Efektownym zwycięstwem w czwartej kolejce popisali się za to zawodnicy Sandecji Nowy Sącz, którzy rozgromili MKS Kluczbork aż 4:0. W derbach Pomorza Flota Świnoujście zremisowała z Pogonią Szczecin 1:1. Gospodarze prowadzili od szóstej minuty meczu, a wyrównanie padło dopiero na osiem minut przed końcem. Podział punktów pozwolił Flocie utrzymać się na pierwszej pozycji w ligowej tabeli.

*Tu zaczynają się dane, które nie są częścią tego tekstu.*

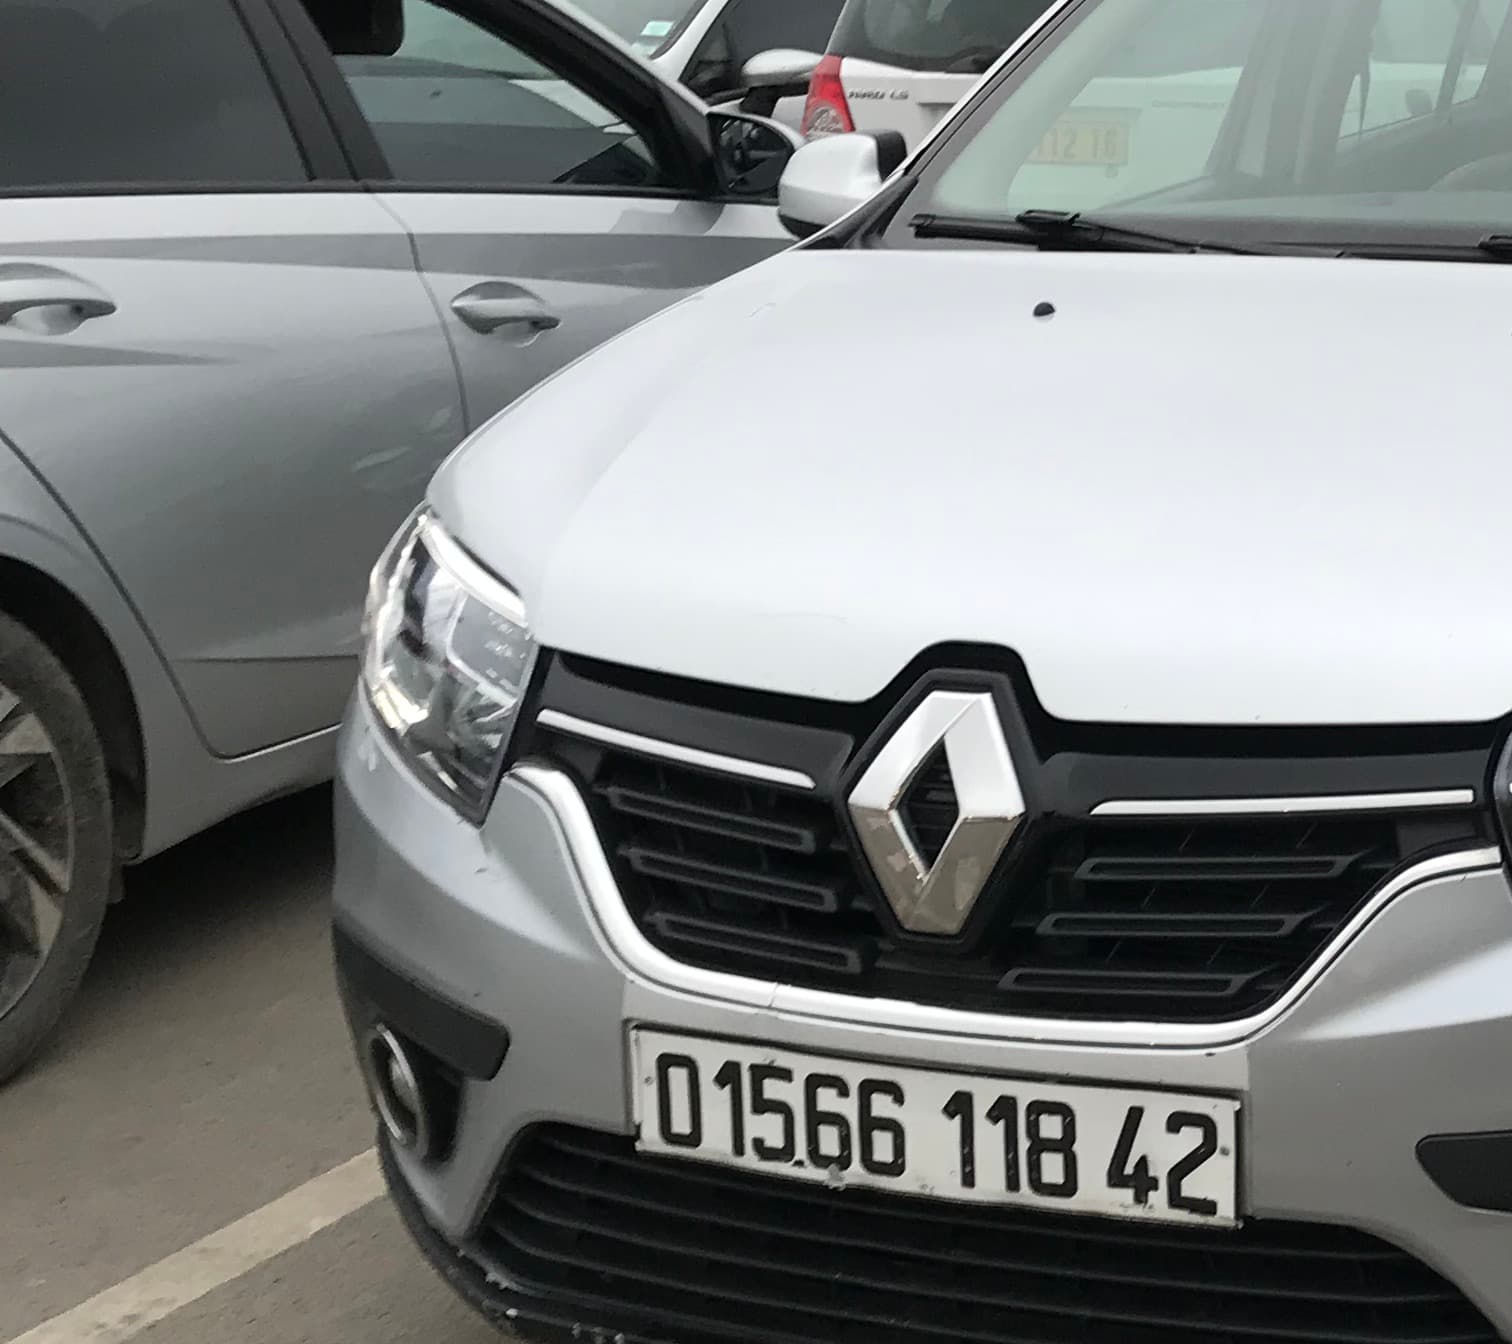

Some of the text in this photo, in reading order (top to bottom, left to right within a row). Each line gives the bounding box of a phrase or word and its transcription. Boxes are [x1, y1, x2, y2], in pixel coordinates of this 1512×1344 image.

[655, 1052, 1219, 1216] 01566 118 42

Do Katowic przyjechał Górnik Łęczna, ale kibicom nie było dane oglądać bramek. Smakiem musieli obejść się także fani w Lublinie, gdzie Motor bezbramkowo zremisował z Dolcanem. Do zakończenia czwartej kolejki pozostają jeszcze dwa mecze. Spotkania Widzewa i ŁKS-u odbędą się w niedzielę i poniedziałek. Najpierw na murawę stadionu przy Alei Piłsudskiego w Łodzi wybiegną „Widzewiacy”. Ich przeciwnikiem będzie Warta Poznań, która przegrała niedawno z ŁKS-em. Z kolei lokalny rywal Widzewa pojedzie w poniedziałek do Ostrowca Świętokrzyskiego na mecz z KSZO.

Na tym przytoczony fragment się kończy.